### ASSIGNMENT
Leaving out the pictures, please retype each record exactly.
┏━━
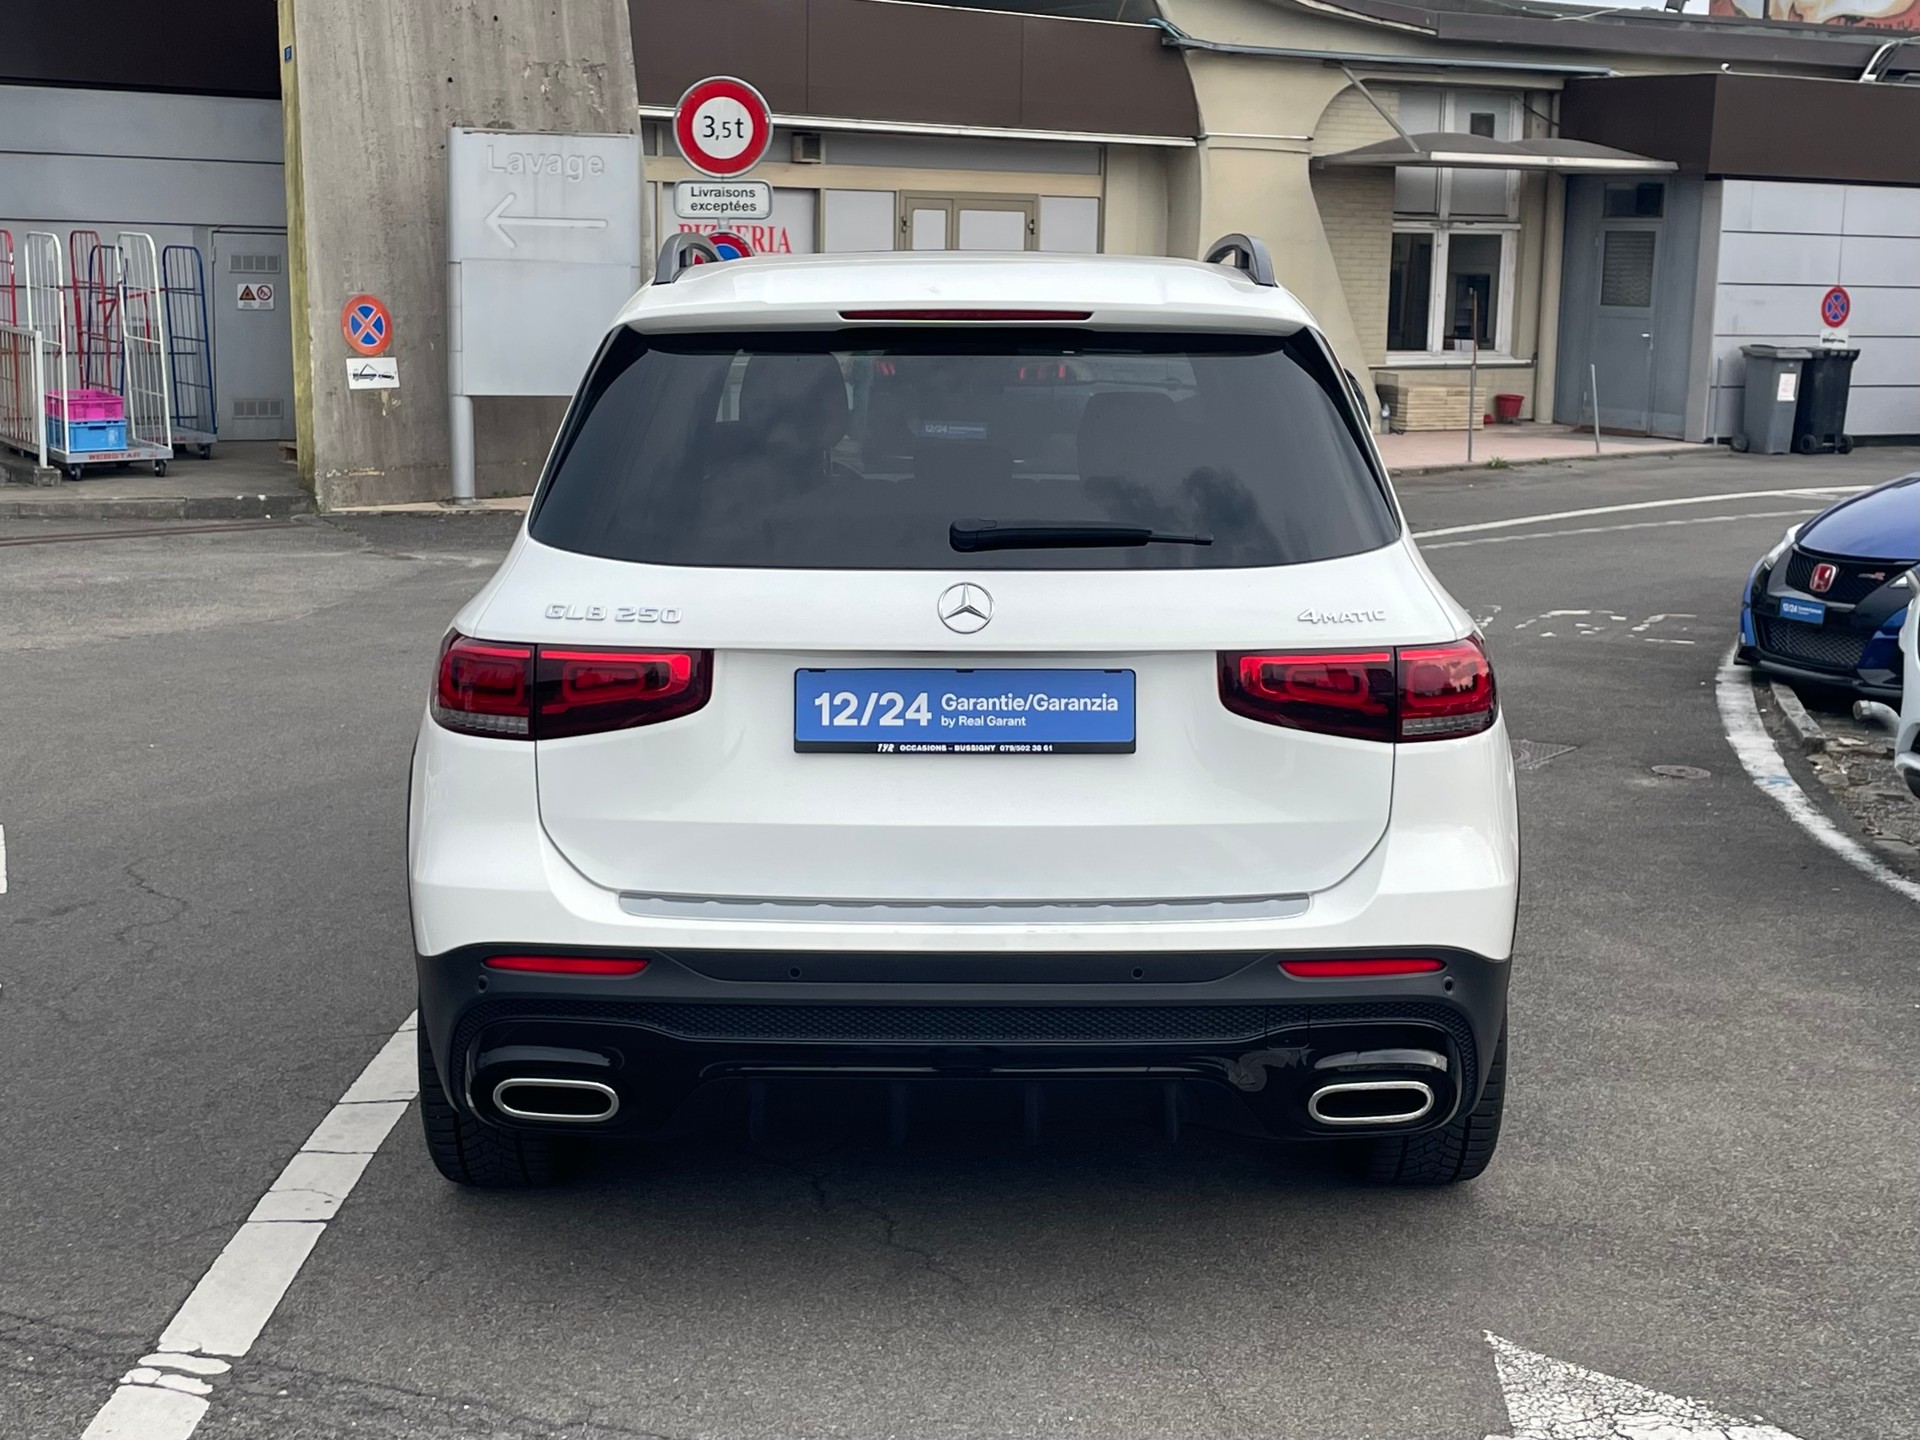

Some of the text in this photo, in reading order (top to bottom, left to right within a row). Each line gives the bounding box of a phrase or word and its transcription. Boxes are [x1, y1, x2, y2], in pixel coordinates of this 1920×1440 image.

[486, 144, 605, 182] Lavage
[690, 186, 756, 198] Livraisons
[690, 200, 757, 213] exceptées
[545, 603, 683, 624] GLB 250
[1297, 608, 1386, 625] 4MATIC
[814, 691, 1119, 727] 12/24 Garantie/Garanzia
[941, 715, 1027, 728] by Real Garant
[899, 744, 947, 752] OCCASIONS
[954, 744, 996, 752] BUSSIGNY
┗━━
### OUTPUT OF THE EXERCISE
Some of the text in this photo, in reading order (top to bottom, left to right within a row). Each line gives the bounding box of a phrase or word and its transcription. Boxes are [x1, y1, x2, y2], in pixel coordinates of this 1920×1440 image.

[486, 144, 605, 182] Lavage
[690, 186, 756, 198] Livraisons
[690, 200, 757, 213] exceptées
[545, 603, 683, 624] GLB 250
[1297, 608, 1386, 625] 4MATIC
[814, 691, 1119, 727] 12/24 Garantie/Garanzia
[941, 715, 1027, 728] by Real Garant
[899, 744, 947, 752] OCCASIONS
[954, 744, 996, 752] BUSSIGNY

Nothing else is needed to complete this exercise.